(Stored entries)
++++++++++++++++++++

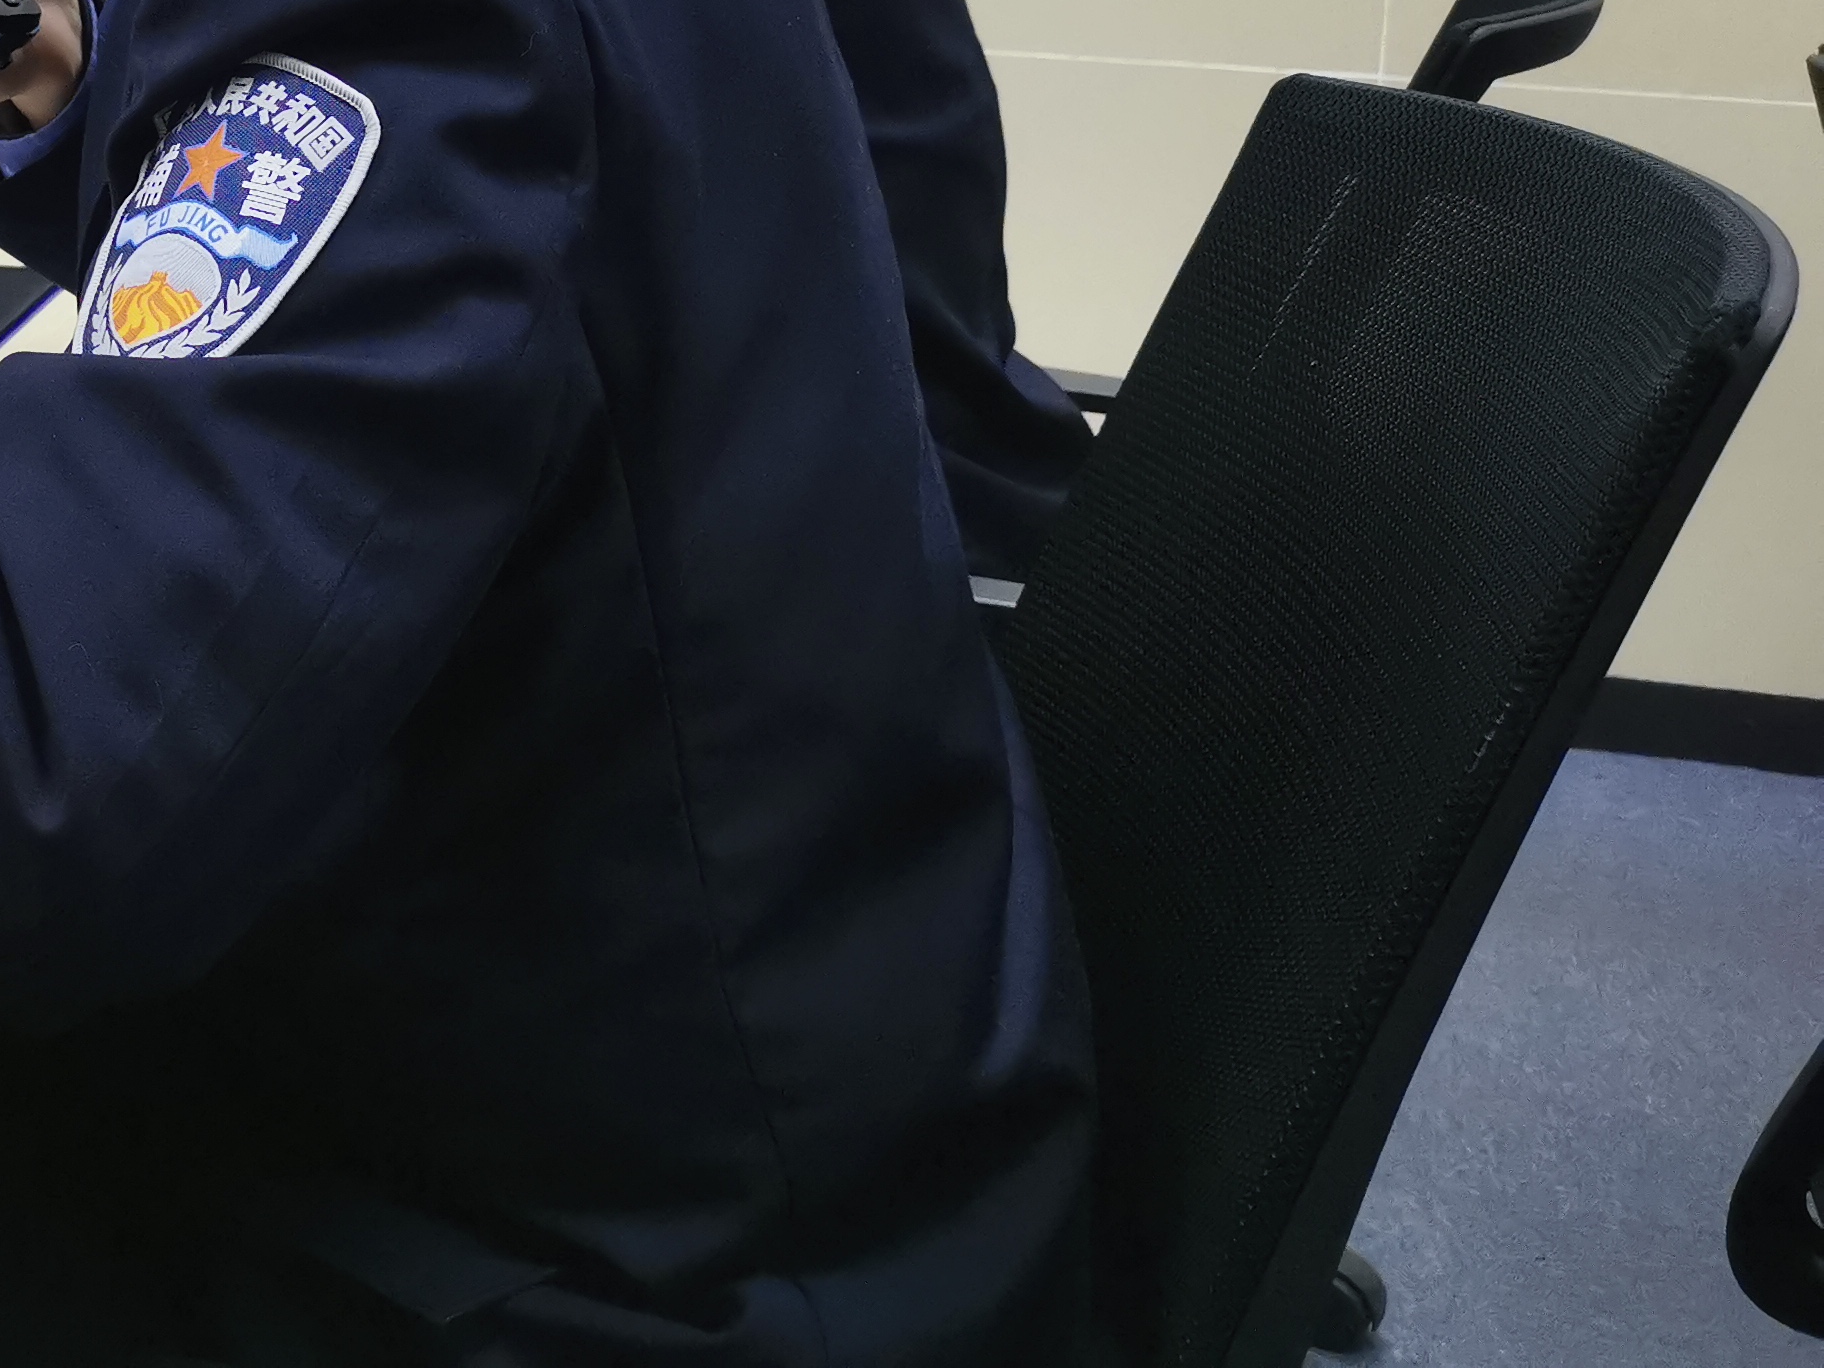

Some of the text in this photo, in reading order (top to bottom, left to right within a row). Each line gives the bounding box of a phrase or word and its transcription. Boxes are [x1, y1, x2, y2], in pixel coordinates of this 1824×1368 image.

[156, 77, 355, 173] 人民共和国
[145, 205, 229, 244] FU JING
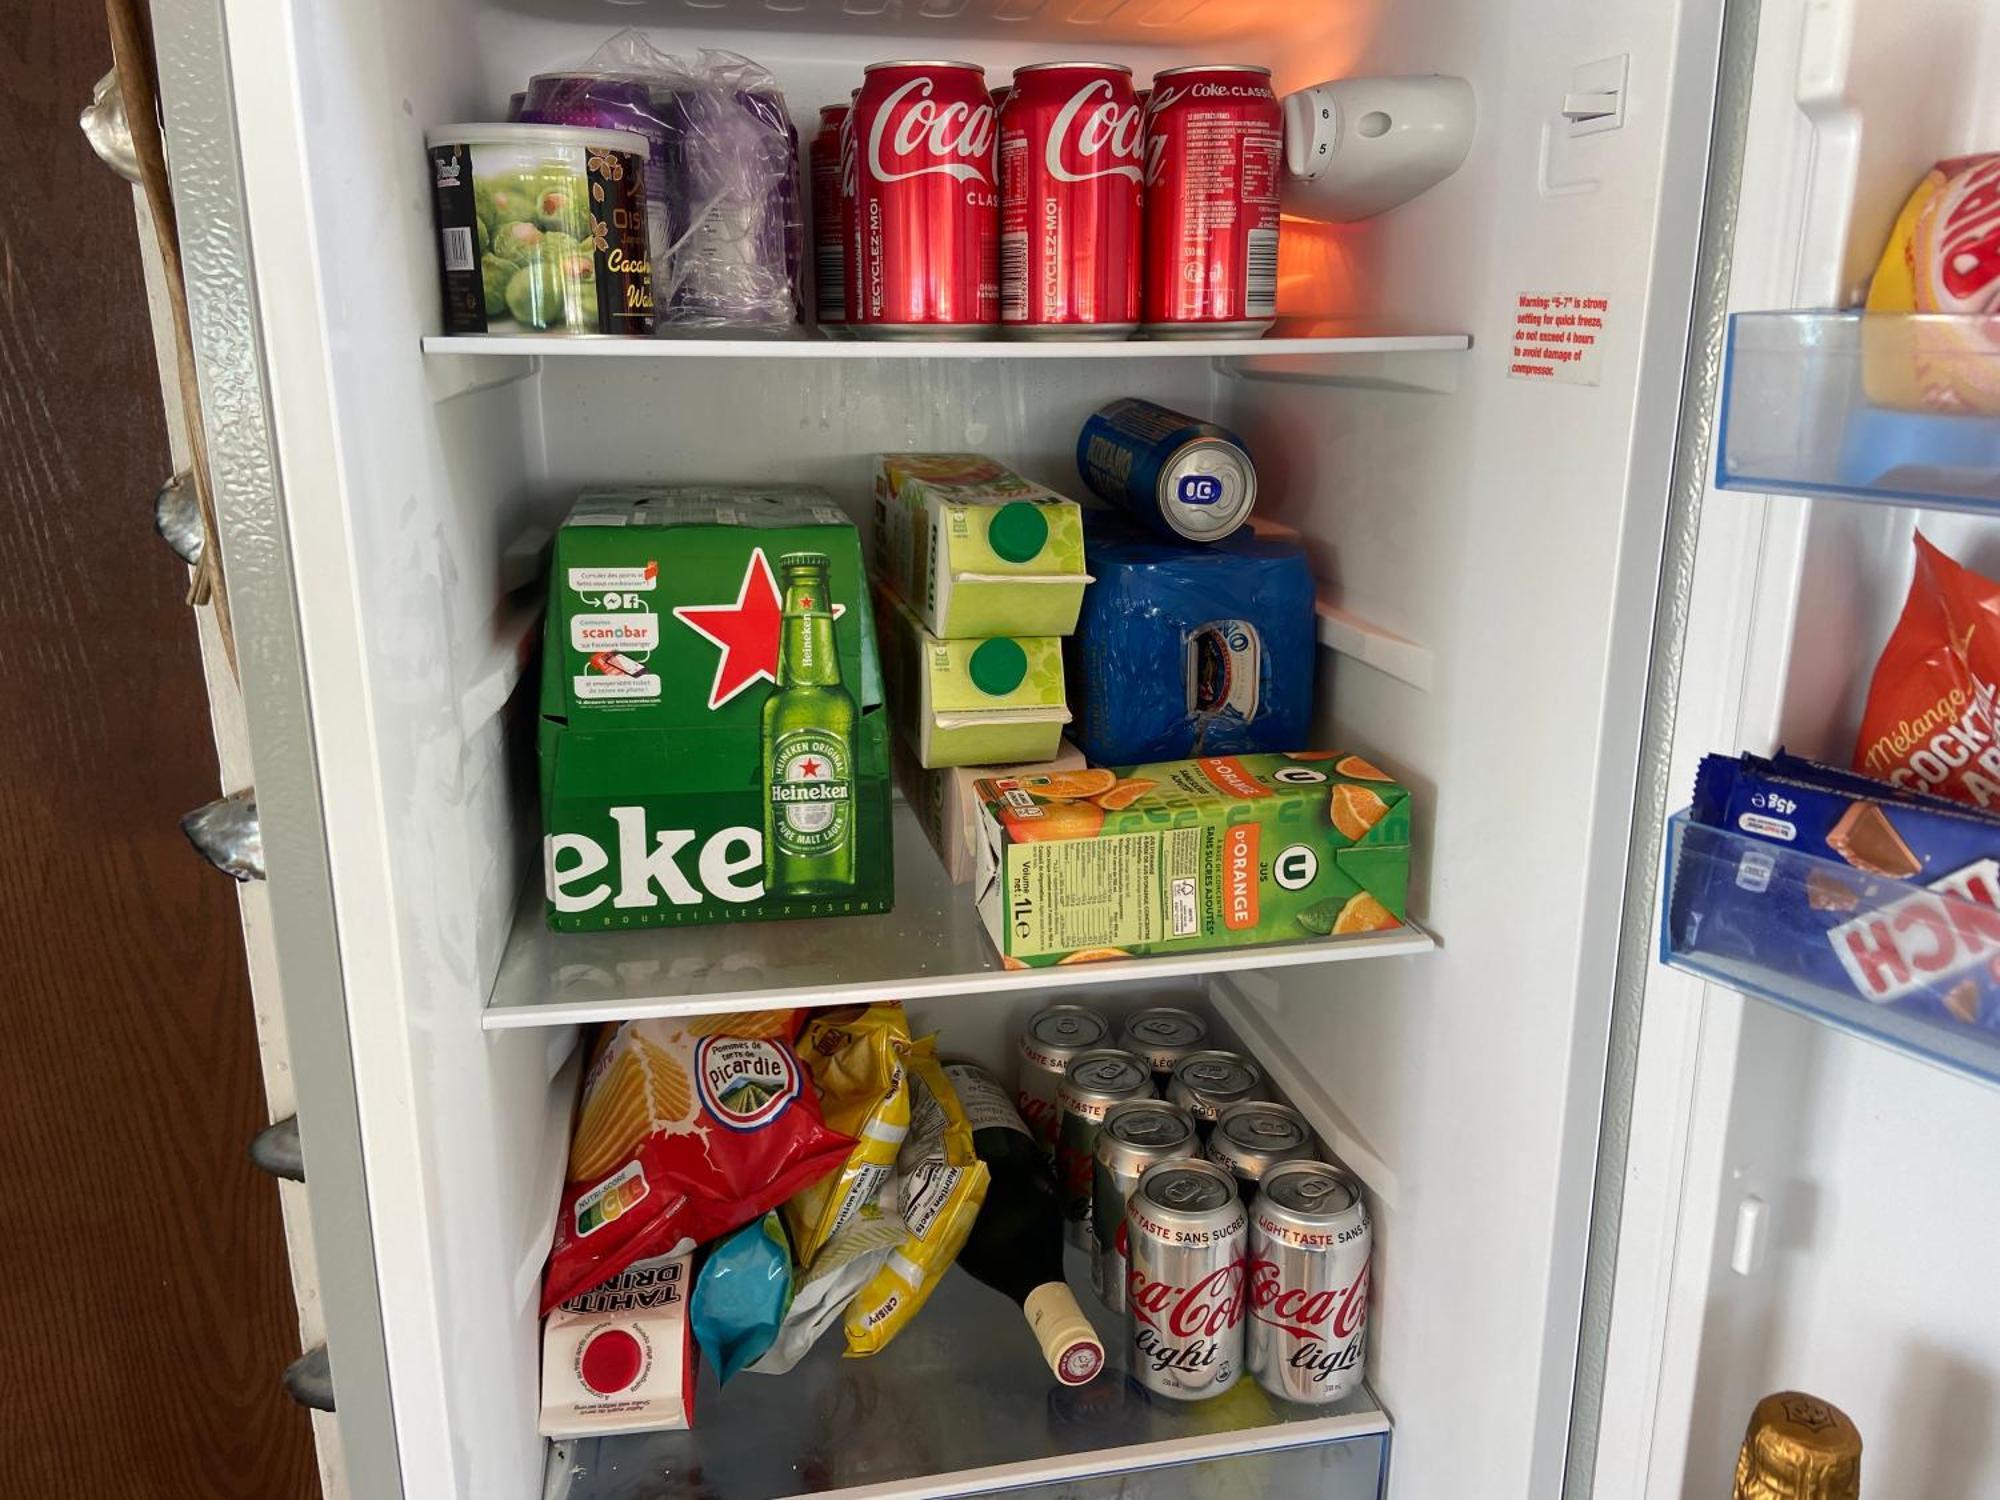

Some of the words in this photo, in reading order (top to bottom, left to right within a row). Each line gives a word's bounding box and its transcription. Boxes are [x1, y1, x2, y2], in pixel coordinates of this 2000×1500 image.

[1191, 83, 1228, 97] Coke
[1322, 108, 1329, 119] 6
[1319, 143, 1328, 155] 5
[869, 197, 881, 318] RECYCLEZ-MOI
[1045, 197, 1058, 318] RECYCLEZ-MOI
[1574, 297, 1582, 309] is
[1583, 298, 1608, 312] strong
[1517, 313, 1542, 327] setting
[1543, 313, 1554, 325] for
[1555, 314, 1576, 328] quick
[1515, 329, 1525, 341] do
[1526, 331, 1538, 341] not
[1539, 332, 1565, 343] exceed
[1566, 332, 1572, 343] 4
[1573, 332, 1595, 345] hours
[1514, 346, 1521, 357] to
[1522, 347, 1542, 358] avoid
[1543, 348, 1572, 363] damage
[1573, 350, 1582, 361] of
[582, 625, 648, 639] scanobar
[802, 613, 811, 667] Heineken
[1864, 688, 1966, 772] Mélange
[776, 742, 809, 775] HEINEKEN
[812, 742, 844, 773] ORIGINAL
[771, 783, 849, 802] Heineken
[777, 821, 797, 841] PURE
[796, 834, 821, 844] MALT
[823, 818, 843, 841] LAGER
[1206, 826, 1216, 850] SANS
[545, 806, 766, 913] eke
[1205, 850, 1214, 887] SUCRES
[1259, 862, 1269, 883] JUS
[1283, 854, 1307, 881] U
[1022, 861, 1031, 894] Volume
[1233, 831, 1249, 923] D'ORANGE
[604, 907, 764, 926] BOUTEILLES
[711, 1042, 749, 1056] Pommes
[709, 1056, 782, 1091] Picardie
[934, 1167, 958, 1207] Nutrition
[915, 1207, 936, 1234] Facts
[1139, 1215, 1171, 1240] TASTE
[1174, 1231, 1209, 1243] SANS
[1258, 1215, 1290, 1239] LIGHT
[1292, 1231, 1335, 1246] TASTE
[1337, 1225, 1364, 1244] SANS
[1135, 1329, 1218, 1373] light

++++++++++++++++++++

## WHAT YOU ARE ASKED TO DO
Output every entry above verbatim, but leave out the pictures.

## EXPECTED OUTPUT
Some of the text in this photo, in reading order (top to bottom, left to right within a row). Each line gives the bounding box of a phrase or word and its transcription. Boxes are [x1, y1, x2, y2], in pixel coordinates of this 1824×1368 image.

[156, 77, 355, 173] 人民共和国
[145, 205, 229, 244] FU JING

Some of the words in this photo, in reading order (top to bottom, left to right within a row). Each line gives a word's bounding box and its transcription. Boxes are [x1, y1, x2, y2], in pixel coordinates of this 2000×1500 image.

[1191, 83, 1228, 97] Coke
[1322, 108, 1329, 119] 6
[1319, 143, 1328, 155] 5
[869, 197, 881, 318] RECYCLEZ-MOI
[1045, 197, 1058, 318] RECYCLEZ-MOI
[1574, 297, 1582, 309] is
[1583, 298, 1608, 312] strong
[1517, 313, 1542, 327] setting
[1543, 313, 1554, 325] for
[1555, 314, 1576, 328] quick
[1515, 329, 1525, 341] do
[1526, 331, 1538, 341] not
[1539, 332, 1565, 343] exceed
[1566, 332, 1572, 343] 4
[1573, 332, 1595, 345] hours
[1514, 346, 1521, 357] to
[1522, 347, 1542, 358] avoid
[1543, 348, 1572, 363] damage
[1573, 350, 1582, 361] of
[582, 625, 648, 639] scanobar
[802, 613, 811, 667] Heineken
[1864, 688, 1966, 772] Mélange
[776, 742, 809, 775] HEINEKEN
[812, 742, 844, 773] ORIGINAL
[771, 783, 849, 802] Heineken
[777, 821, 797, 841] PURE
[796, 834, 821, 844] MALT
[823, 818, 843, 841] LAGER
[1206, 826, 1216, 850] SANS
[545, 806, 766, 913] eke
[1205, 850, 1214, 887] SUCRES
[1259, 862, 1269, 883] JUS
[1283, 854, 1307, 881] U
[1022, 861, 1031, 894] Volume
[1233, 831, 1249, 923] D'ORANGE
[604, 907, 764, 926] BOUTEILLES
[711, 1042, 749, 1056] Pommes
[709, 1056, 782, 1091] Picardie
[934, 1167, 958, 1207] Nutrition
[915, 1207, 936, 1234] Facts
[1139, 1215, 1171, 1240] TASTE
[1174, 1231, 1209, 1243] SANS
[1258, 1215, 1290, 1239] LIGHT
[1292, 1231, 1335, 1246] TASTE
[1337, 1225, 1364, 1244] SANS
[1135, 1329, 1218, 1373] light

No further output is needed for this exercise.